2) Strengthen the MOHCW to provide strong and effective leadership in the formation and implementation of SI policy, provide SI technical assistance and training for provincial, district, and clinic-level health care workers in the use of data for decision making, and develop/refine national SI guidelines and policy documents in accordance with the Zimbabwe National HIV and AIDS Strategic Plan (2006-2012); 3) Prioritize data quality, and the improvement of reporting rates from health institutions, in collaboration with the National Monitoring and Evaluation Group;

4) Analyze, design, specify, develop, pilot test, implement and evaluate the Health Management Information System (HMIS);

5) Ensure that survey and surveillance systems data are effectively utilized for program planning, policy development advocacy, and impact evaluation;

6) Revitalize MOHCW's capacity to implement the Integrated Disease Surveillance System (IDSS) at the district level.

Support to the GOZ HIV/AIDS National Strategy and Plan and country ownership of PEPFAR programming: The focus of this project is on building capacity at local levels by empowering and providing resources to existing MOHCW structures and staff to carry out data use, analysis, and dissemination activities. The RTI team will support existing structures (regular district or provincial health information meetings) and use these as a venue to build capacity in data analysis and dissemination. The focus will be on ensuring that data are useful and used at each level of the health system. Training and capacity building will be focused on the use of existing health data within the respective district, province, or facility. Program staff will work closely with the existing and future MOHCW personnel in the planning and implementation of all activities. Where feasible we will provide funds to Provincial and District level health teams to carry out activities in support of project objectives. A functioning health information system that includes HIV/AIDS data will inform program planning and support the implementation of national strategies and plans.

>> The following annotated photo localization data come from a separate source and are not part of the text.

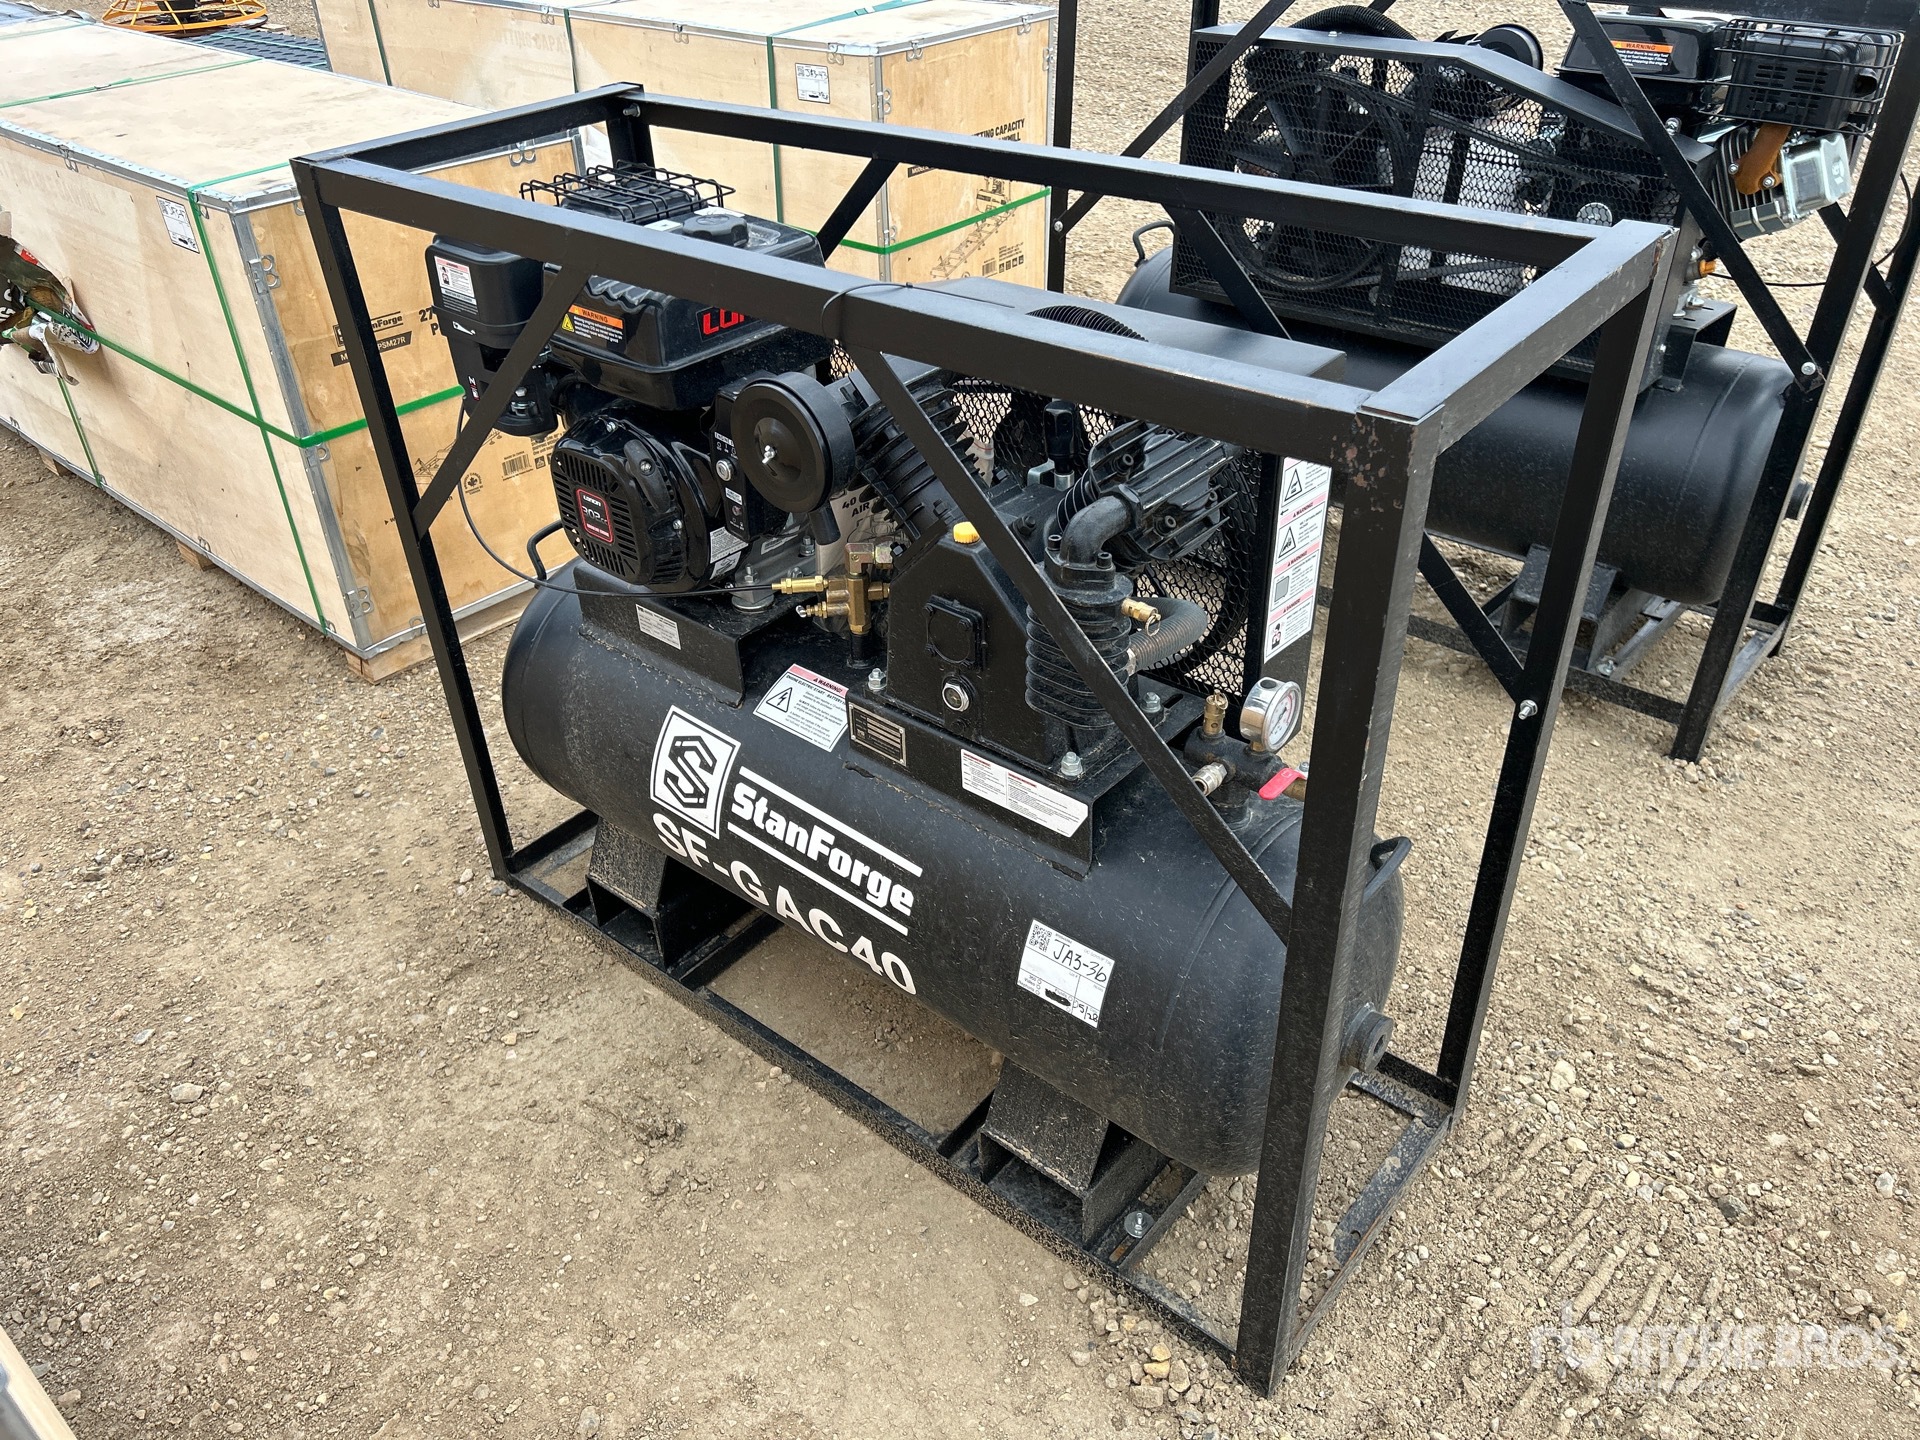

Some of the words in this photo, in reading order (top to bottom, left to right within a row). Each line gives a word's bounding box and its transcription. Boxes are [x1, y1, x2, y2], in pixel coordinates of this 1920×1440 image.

[994, 118, 1025, 136] CAPACITY
[371, 314, 403, 328] nForge
[582, 308, 608, 323] WARNING
[842, 496, 857, 509] 40
[851, 502, 870, 517] AIR
[731, 782, 914, 917] StanForge

Geographic coverage and target populations: This project will have national coverage and target mainly health information officers and district health executive teams from all districts to improve data management and use.

Health systems strengthening and Human Resources for Health: The program will build MOHCW's capacity to lead strategic information activities through on the job mentoring and will increase capacity of health information officers and Provincial and District health executive teams in analysis, use and dissemination of health information through training and on-going supportive supervision mechanisms. This will inform decision making, allow better programming, resource allocation and implementation of priority activities and programs.

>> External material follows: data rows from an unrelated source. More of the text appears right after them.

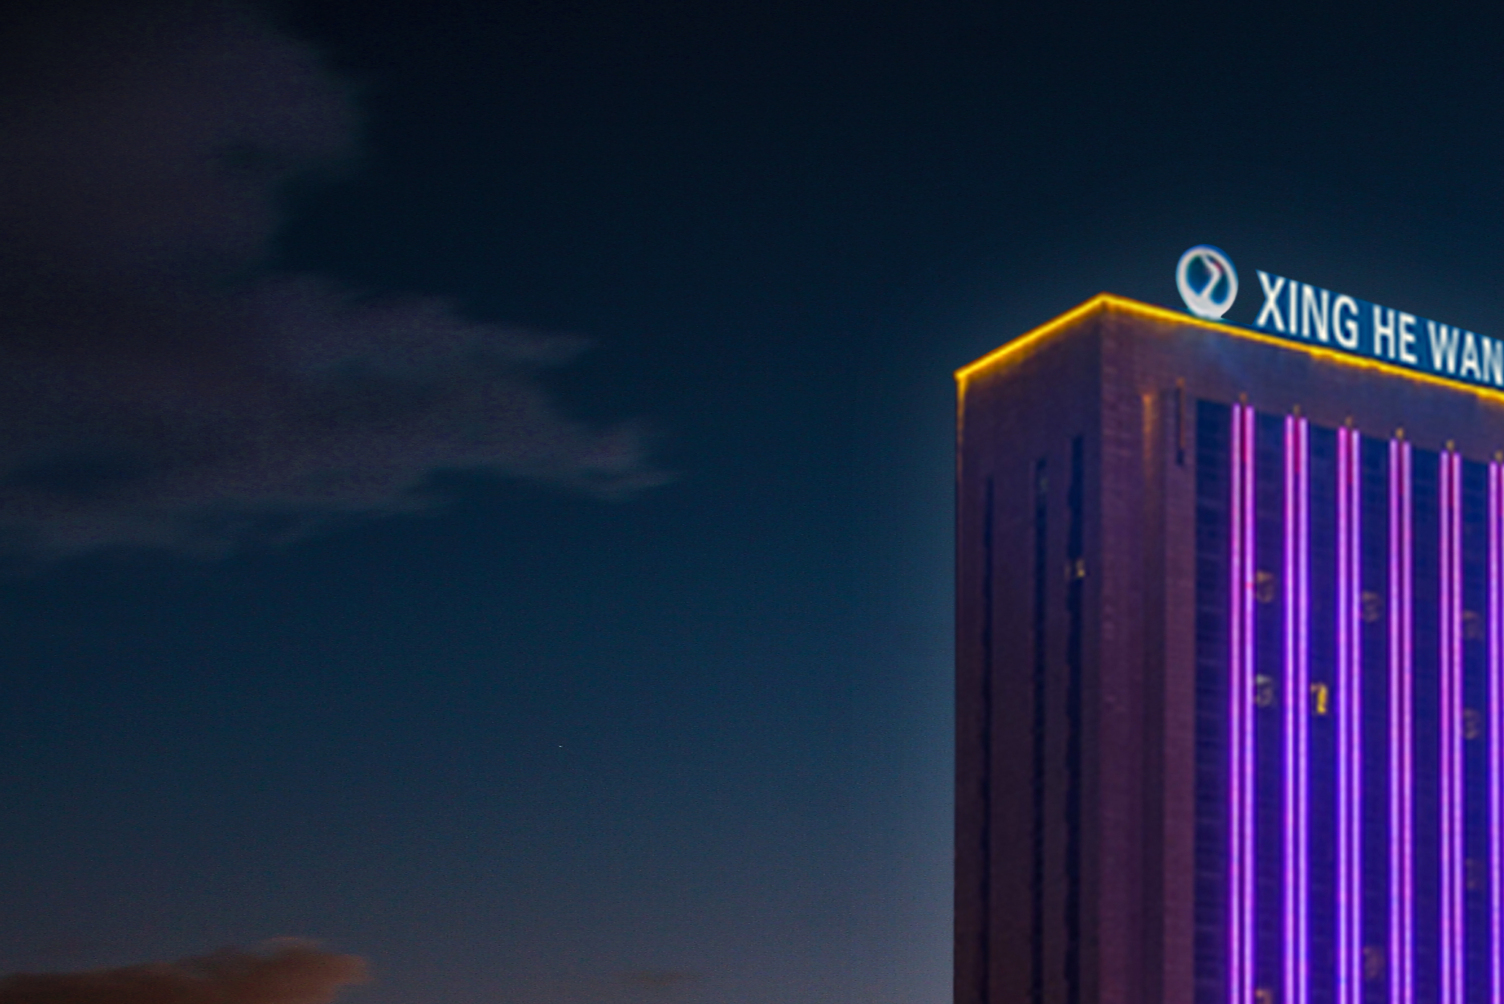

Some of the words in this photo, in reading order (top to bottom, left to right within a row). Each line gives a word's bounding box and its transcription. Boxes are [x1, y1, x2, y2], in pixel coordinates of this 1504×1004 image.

[1255, 269, 1359, 349] XING
[1372, 303, 1418, 365] HE
[1427, 319, 1504, 387] WAN
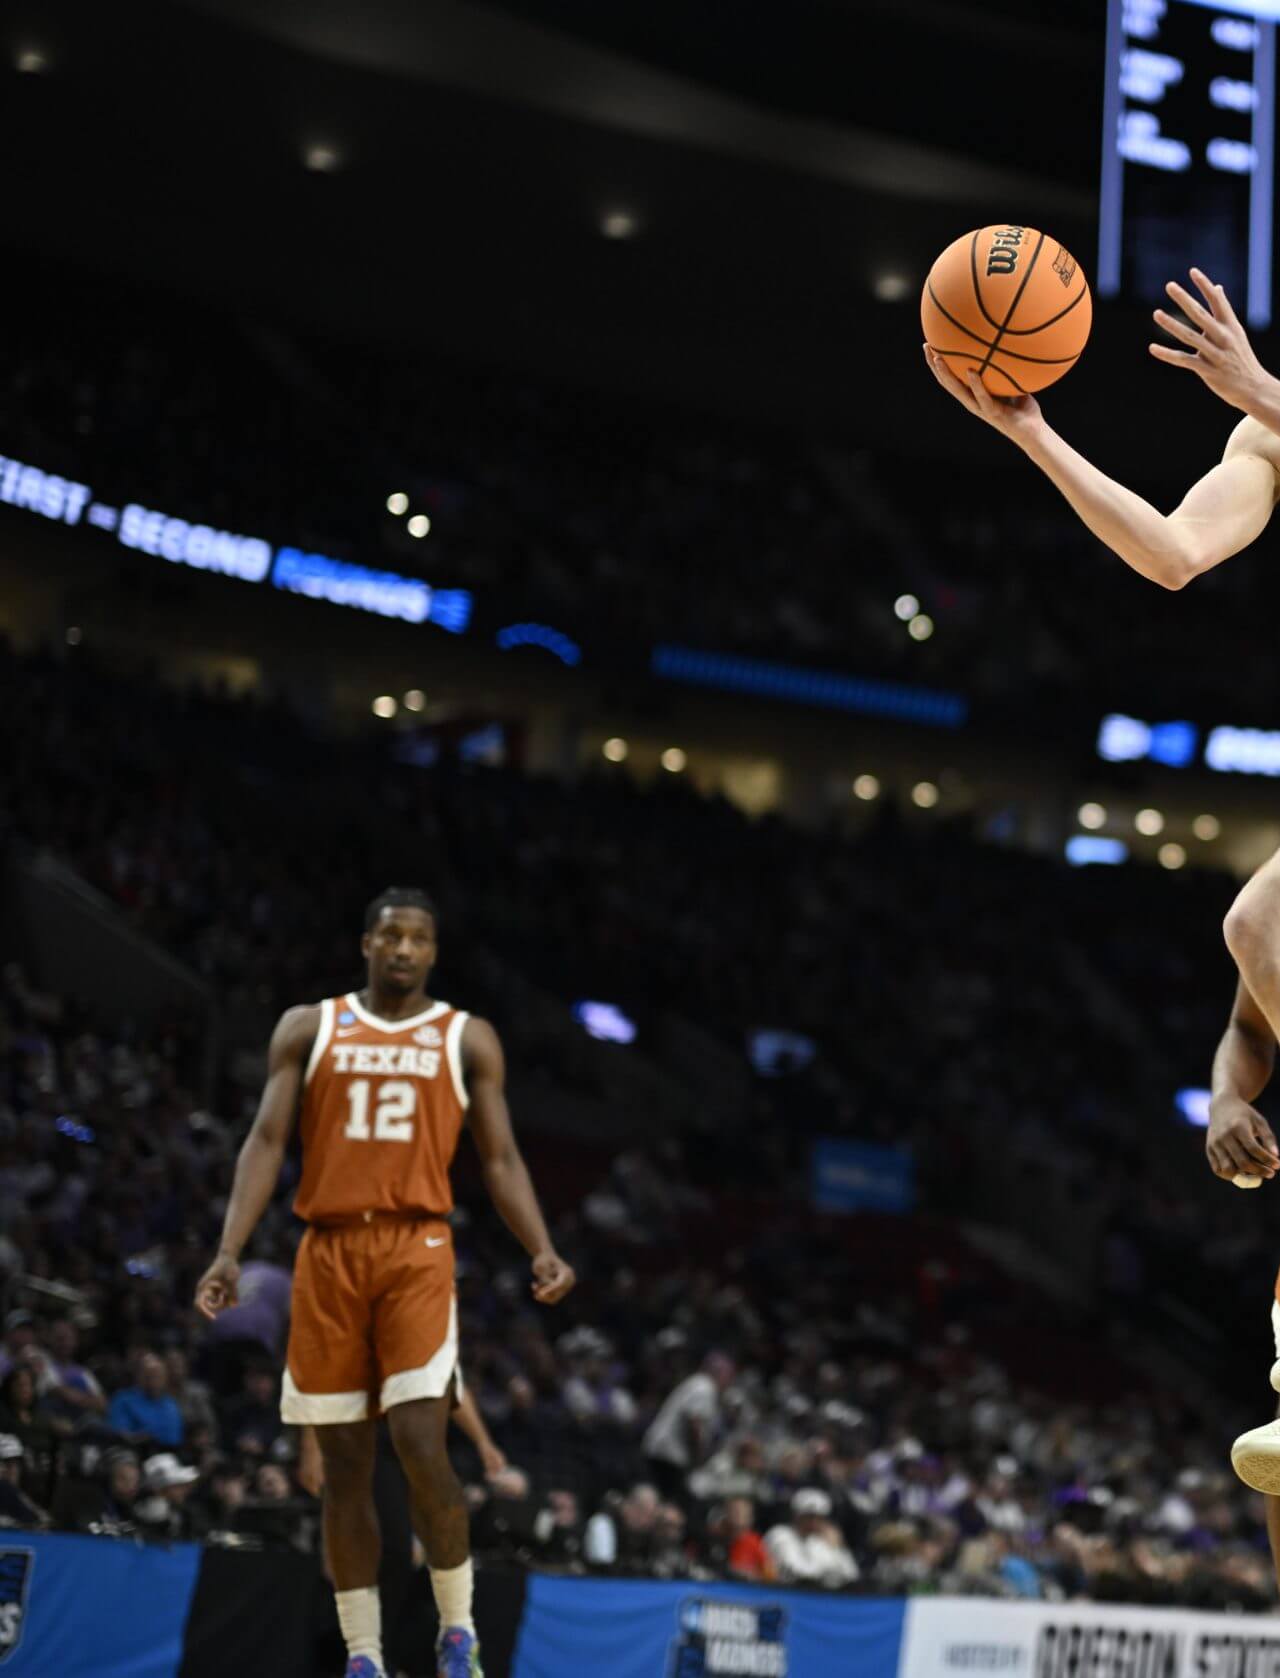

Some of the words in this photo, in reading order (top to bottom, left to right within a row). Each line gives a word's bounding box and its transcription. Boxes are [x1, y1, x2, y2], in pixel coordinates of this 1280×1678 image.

[119, 503, 271, 582] SECOND
[332, 1044, 440, 1079] TEXAS
[344, 1079, 417, 1142] 12

Impact of the program: RTI ensures the impact of the program through close coordination with the MOHCW, utilizing existing mechanisms for delivery of the activities and leveraging contributions from other MOHCW donors to the HMIS.

A woman and girl centered approach is ensured through disaggregation of data by gender. Maternal mortality data is one of the data sets that will be included in the project.

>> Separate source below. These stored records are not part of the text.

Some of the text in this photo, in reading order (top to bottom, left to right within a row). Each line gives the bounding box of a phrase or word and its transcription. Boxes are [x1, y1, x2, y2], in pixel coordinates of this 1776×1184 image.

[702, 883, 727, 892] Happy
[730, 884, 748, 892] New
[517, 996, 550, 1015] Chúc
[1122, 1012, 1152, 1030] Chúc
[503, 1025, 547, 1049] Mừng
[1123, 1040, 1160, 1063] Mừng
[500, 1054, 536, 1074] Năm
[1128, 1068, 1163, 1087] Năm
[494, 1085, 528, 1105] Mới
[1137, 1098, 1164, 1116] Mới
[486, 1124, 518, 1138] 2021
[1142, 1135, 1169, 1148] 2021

Cross cutting programs and key issues: The activities of this program have their base in the cross-cutting program of Human Resources for Health through training of health care professionals for data use and dissemination for policy making. Key issues include child survival activities, family planning, safe motherhood, TB and malaria as data on all these programs will be flowing through the health information system and will help decision making for resource allocation and prioritization of activities.

Cost-efficiency strategies: These include bulk production of training materials, implementation of trainings at district level for reduced costs and utilization of resources and staff that are already in place for cost-saving and sustainability.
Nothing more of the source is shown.